|
Long long and long double
Author |
Message |
Stephano Marian #1 / 4
|
Long long and long double
Are long long (64-bit) and long double (96-bit) ANSI/ISO compliant... I use gcc (3.0.1) as my compiler, and it spews warnings about long long (i haven't used long double yet!) not being ANSI compliant. Please shed some light on this. TIA, Stephano Mariani
|
Wed, 09 Jun 2004 10:23:56 GMT |
|
|
Tim Princ #2 / 4
|
Long long and long double
gcc warnings about long long are a relic of the days before C99. -fstd=c9x and its relatives will correct this. The biggest name in Windows C doesn't support long long, although the standard requires it. Long double is ANSI/ISO compliant. The standard provides only that it is at least as wide in mantissa and exponent as double. As long as you allow for, but don't count on, it being wider than double, you can use it portably. On a few gcc targets, long double is wider than double, but is supported by the library only when within double range. On the most commonly used gcc implementations, some of the math functions fail to implement long double fully, although it's supported for the most part. Windows compilers don't all bother to treat long double the way their own documentation indicates, as there is little inter-operability of long double between brands. How's that for equivocation?

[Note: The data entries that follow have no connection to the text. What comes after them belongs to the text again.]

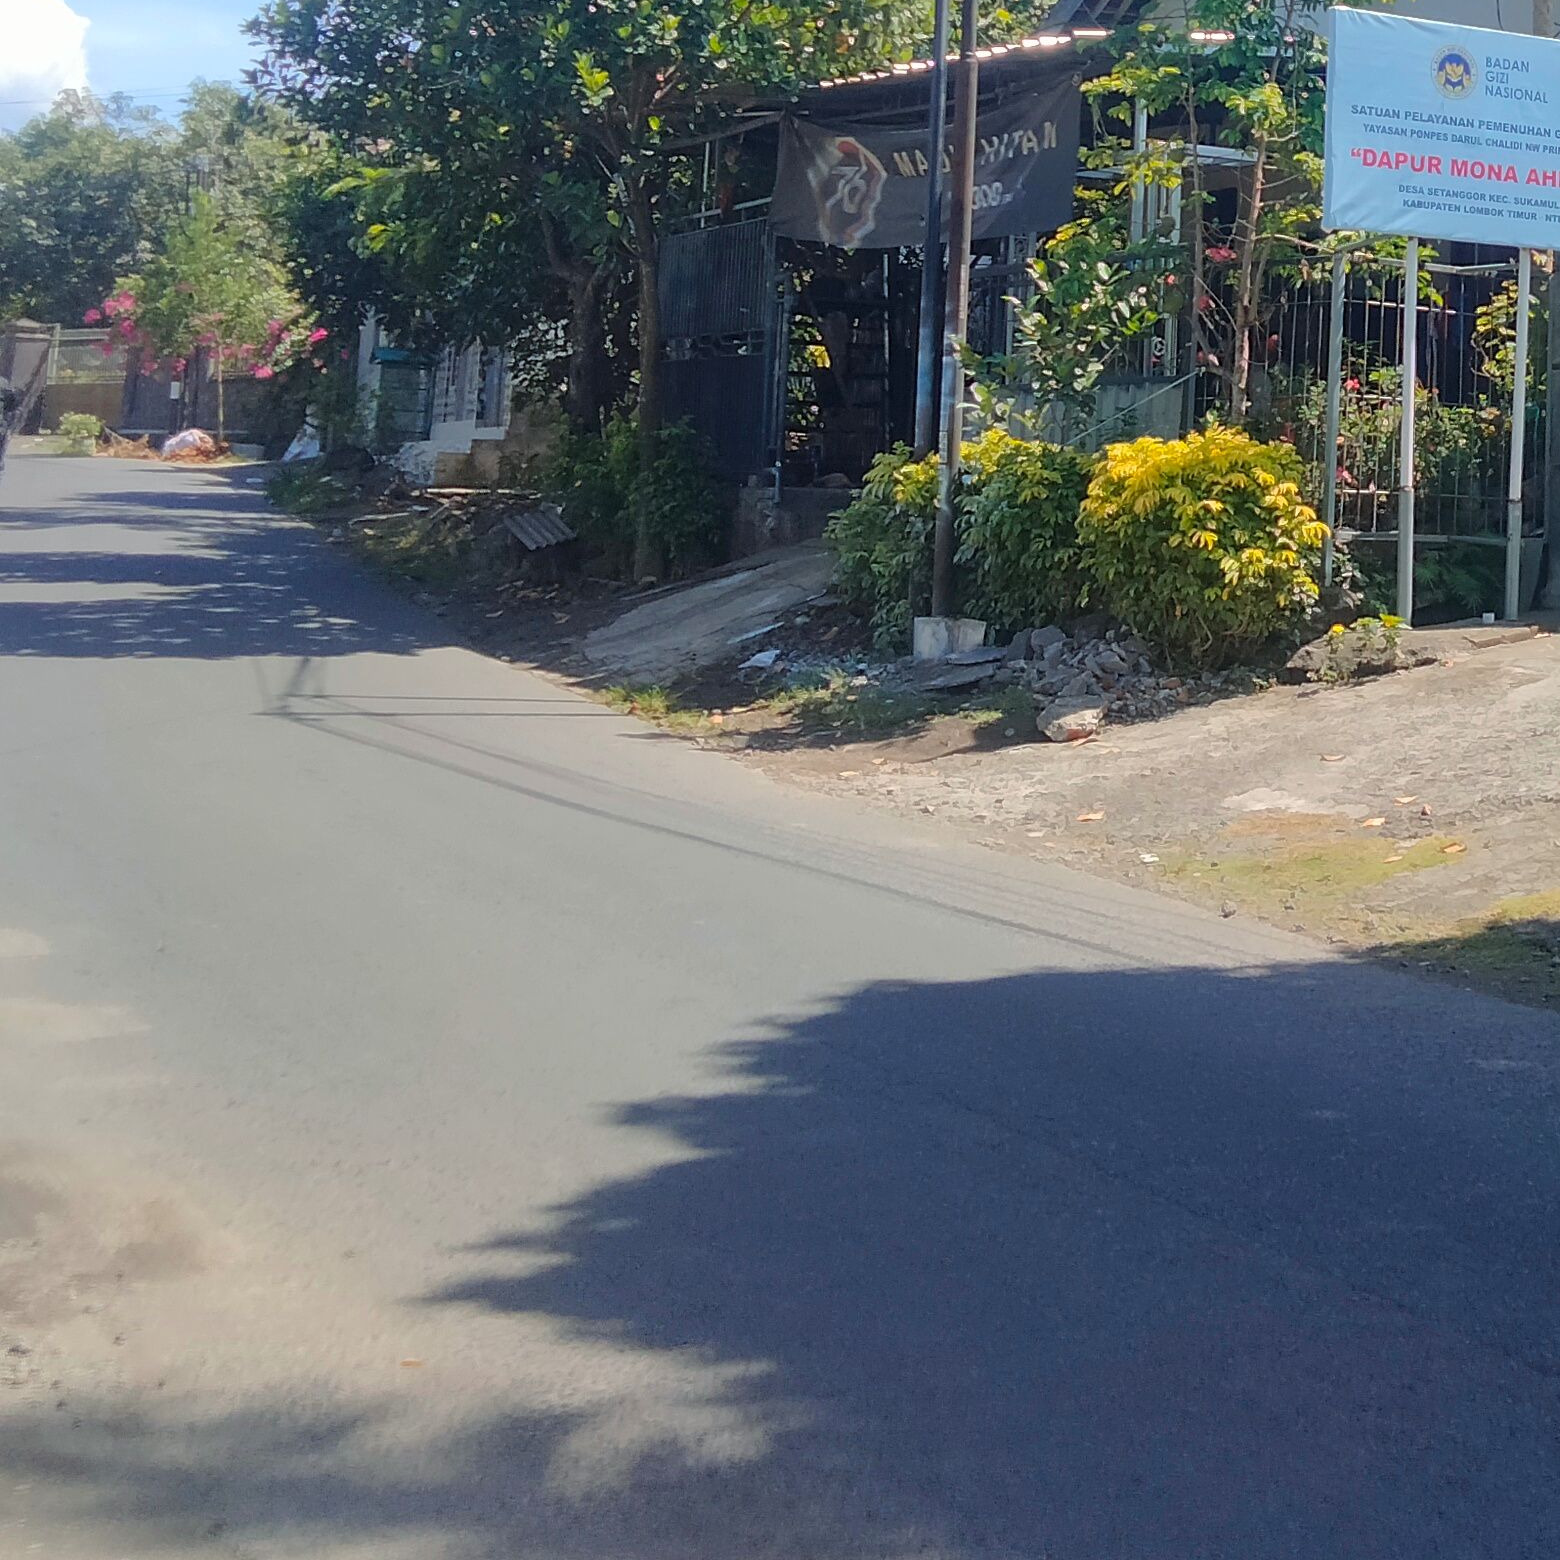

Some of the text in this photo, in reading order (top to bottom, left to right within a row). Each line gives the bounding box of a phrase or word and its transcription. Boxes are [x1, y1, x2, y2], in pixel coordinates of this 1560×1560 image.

[1485, 56, 1530, 72] BADAN
[1485, 70, 1509, 85] GIZI
[1485, 85, 1549, 104] NASIONAL
[1350, 104, 1401, 120] SATUAN
[1404, 110, 1474, 129] PELAYANAN
[1477, 119, 1552, 139] PEMENUHAN
[1362, 122, 1408, 137] YAYASAN
[1410, 128, 1449, 142] PONPES
[1451, 133, 1483, 146] DARUL
[1485, 137, 1523, 151] CHALIDI
[1525, 142, 1541, 153] NW
[1450, 158, 1519, 184] MONA
[1398, 184, 1425, 196] DESA
[1427, 187, 1487, 203] SETANGGOR
[1488, 194, 1512, 205] KEC.
[1402, 198, 1461, 213] KABUPATEN
[1463, 205, 1505, 218] LOMBOK
[1506, 210, 1538, 222] TIMUR
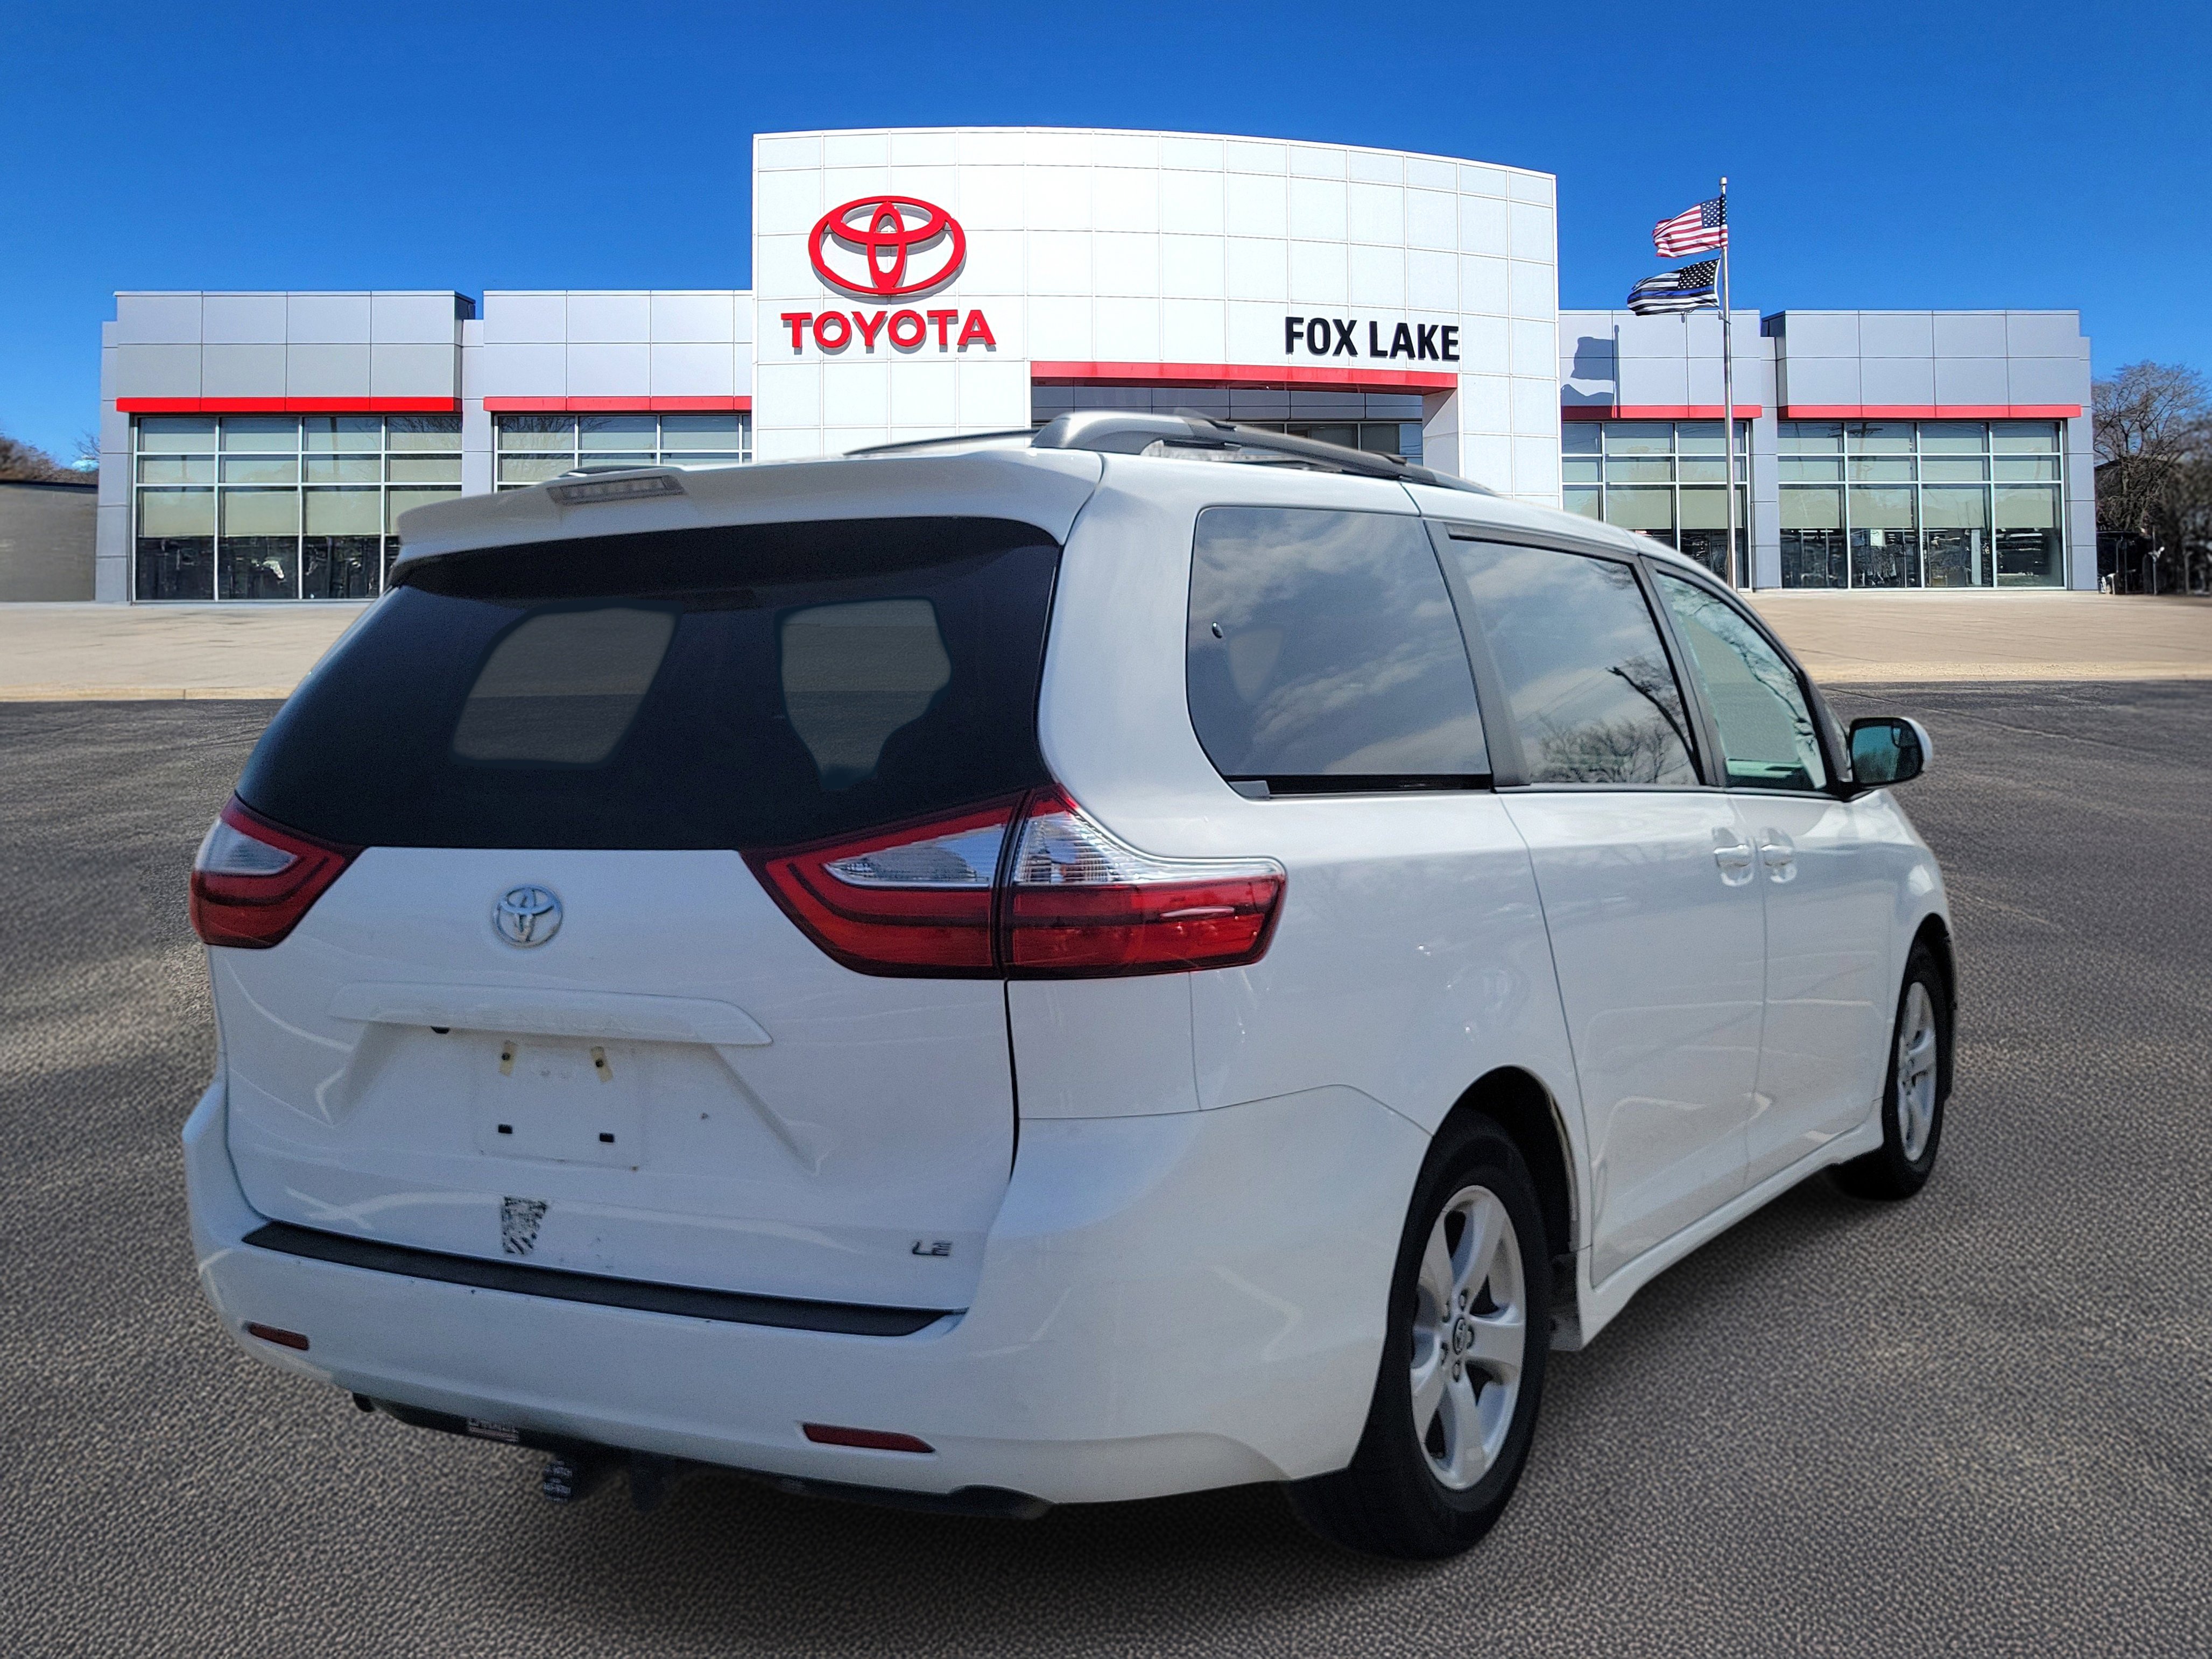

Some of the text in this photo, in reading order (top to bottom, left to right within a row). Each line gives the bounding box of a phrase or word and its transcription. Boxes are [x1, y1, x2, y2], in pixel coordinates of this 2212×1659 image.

[781, 309, 996, 351] TOYOTA
[1285, 316, 1460, 362] FOX LAKE
[912, 1240, 952, 1256] LE

Quote: > Are long long (64-bit) and long double (96-bit) ANSI/ISO compliant... > I use gcc (3.0.1) as my compiler, and it spews warnings about long long (i > haven't used long double yet!) not being ANSI compliant. Please shed some > light on this. > TIA, > Stephano Mariani
|
Wed, 09 Jun 2004 12:00:21 GMT |
|
|
Kevin Mille #3 / 4
|
Long long and long double
Quote:
> Are long long (64-bit) and long double (96-bit) ANSI/ISO compliant... > I use gcc (3.0.1) as my compiler, and it spews warnings about long long (i > haven't used long double yet!) not being ANSI compliant. Please shed some > light on this. > TIA, > Stephano Mariani
The type "long long" is not compliant with the C90 standard (which is what most ISO-compliant compilers available today adhere to), although it is compliant with the C99 standard. The type "long double" is compliant with both standards, but neither of them requires it, specifically or by inference, to be stored in 96 bits or more. In fact, "long double" need only be as accurate as "double", and "epsilon" for "long double" is not required to be any smaller than 1.0e-9. This "epsilon" is essentially the smallest number you can add to 1.0 in the given floating-point type and get something larger than 1.0.
|
Wed, 09 Jun 2004 12:29:29 GMT |
|
|
Lawrence Kir #4 / 4
|
Long long and long double
Quote: >Are long long (64-bit) and long double (96-bit) ANSI/ISO compliant... >I use gcc (3.0.1) as my compiler, and it spews warnings about long long (i >haven't used long double yet!) not being ANSI compliant. Please shed some >light on this.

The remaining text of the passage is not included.